- [Supplied data]
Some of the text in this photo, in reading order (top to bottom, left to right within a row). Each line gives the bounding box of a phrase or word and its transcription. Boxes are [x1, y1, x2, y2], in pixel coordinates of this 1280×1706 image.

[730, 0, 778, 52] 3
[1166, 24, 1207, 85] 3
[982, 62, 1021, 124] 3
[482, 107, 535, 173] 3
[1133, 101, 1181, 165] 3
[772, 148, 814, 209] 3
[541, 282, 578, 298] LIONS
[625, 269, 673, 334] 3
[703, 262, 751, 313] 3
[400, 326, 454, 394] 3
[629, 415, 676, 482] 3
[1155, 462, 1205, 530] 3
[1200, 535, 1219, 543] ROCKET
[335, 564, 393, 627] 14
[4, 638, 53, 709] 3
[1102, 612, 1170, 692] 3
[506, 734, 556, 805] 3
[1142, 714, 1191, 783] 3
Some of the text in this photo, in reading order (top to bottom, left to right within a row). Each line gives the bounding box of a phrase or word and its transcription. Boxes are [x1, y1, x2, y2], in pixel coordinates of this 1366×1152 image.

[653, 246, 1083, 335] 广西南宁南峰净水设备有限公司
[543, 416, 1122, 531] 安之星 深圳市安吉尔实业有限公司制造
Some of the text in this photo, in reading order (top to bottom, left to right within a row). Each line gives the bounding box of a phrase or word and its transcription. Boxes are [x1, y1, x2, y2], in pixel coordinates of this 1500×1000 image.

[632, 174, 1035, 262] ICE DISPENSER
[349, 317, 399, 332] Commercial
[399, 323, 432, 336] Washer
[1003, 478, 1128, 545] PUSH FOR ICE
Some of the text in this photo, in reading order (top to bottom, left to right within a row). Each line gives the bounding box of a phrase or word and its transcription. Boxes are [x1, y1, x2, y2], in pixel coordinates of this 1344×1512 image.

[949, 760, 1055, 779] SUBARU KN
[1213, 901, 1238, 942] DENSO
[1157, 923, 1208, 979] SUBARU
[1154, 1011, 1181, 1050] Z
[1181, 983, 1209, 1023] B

- [Exercise goal]
Retype the entries exactly, including every line.

- [Response]
Some of the text in this photo, in reading order (top to bottom, left to right within a row). Each line gives the bounding box of a phrase or word and its transcription. Boxes are [x1, y1, x2, y2], in pixel coordinates of this 1280×1706 image.

[730, 0, 778, 52] 3
[1166, 24, 1207, 85] 3
[982, 62, 1021, 124] 3
[482, 107, 535, 173] 3
[1133, 101, 1181, 165] 3
[772, 148, 814, 209] 3
[541, 282, 578, 298] LIONS
[625, 269, 673, 334] 3
[703, 262, 751, 313] 3
[400, 326, 454, 394] 3
[629, 415, 676, 482] 3
[1155, 462, 1205, 530] 3
[1200, 535, 1219, 543] ROCKET
[335, 564, 393, 627] 14
[4, 638, 53, 709] 3
[1102, 612, 1170, 692] 3
[506, 734, 556, 805] 3
[1142, 714, 1191, 783] 3
Some of the text in this photo, in reading order (top to bottom, left to right within a row). Each line gives the bounding box of a phrase or word and its transcription. Boxes are [x1, y1, x2, y2], in pixel coordinates of this 1366×1152 image.

[653, 246, 1083, 335] 广西南宁南峰净水设备有限公司
[543, 416, 1122, 531] 安之星 深圳市安吉尔实业有限公司制造
Some of the text in this photo, in reading order (top to bottom, left to right within a row). Each line gives the bounding box of a phrase or word and its transcription. Boxes are [x1, y1, x2, y2], in pixel coordinates of this 1500×1000 image.

[632, 174, 1035, 262] ICE DISPENSER
[349, 317, 399, 332] Commercial
[399, 323, 432, 336] Washer
[1003, 478, 1128, 545] PUSH FOR ICE
Some of the text in this photo, in reading order (top to bottom, left to right within a row). Each line gives the bounding box of a phrase or word and its transcription. Boxes are [x1, y1, x2, y2], in pixel coordinates of this 1344×1512 image.

[949, 760, 1055, 779] SUBARU KN
[1213, 901, 1238, 942] DENSO
[1157, 923, 1208, 979] SUBARU
[1154, 1011, 1181, 1050] Z
[1181, 983, 1209, 1023] B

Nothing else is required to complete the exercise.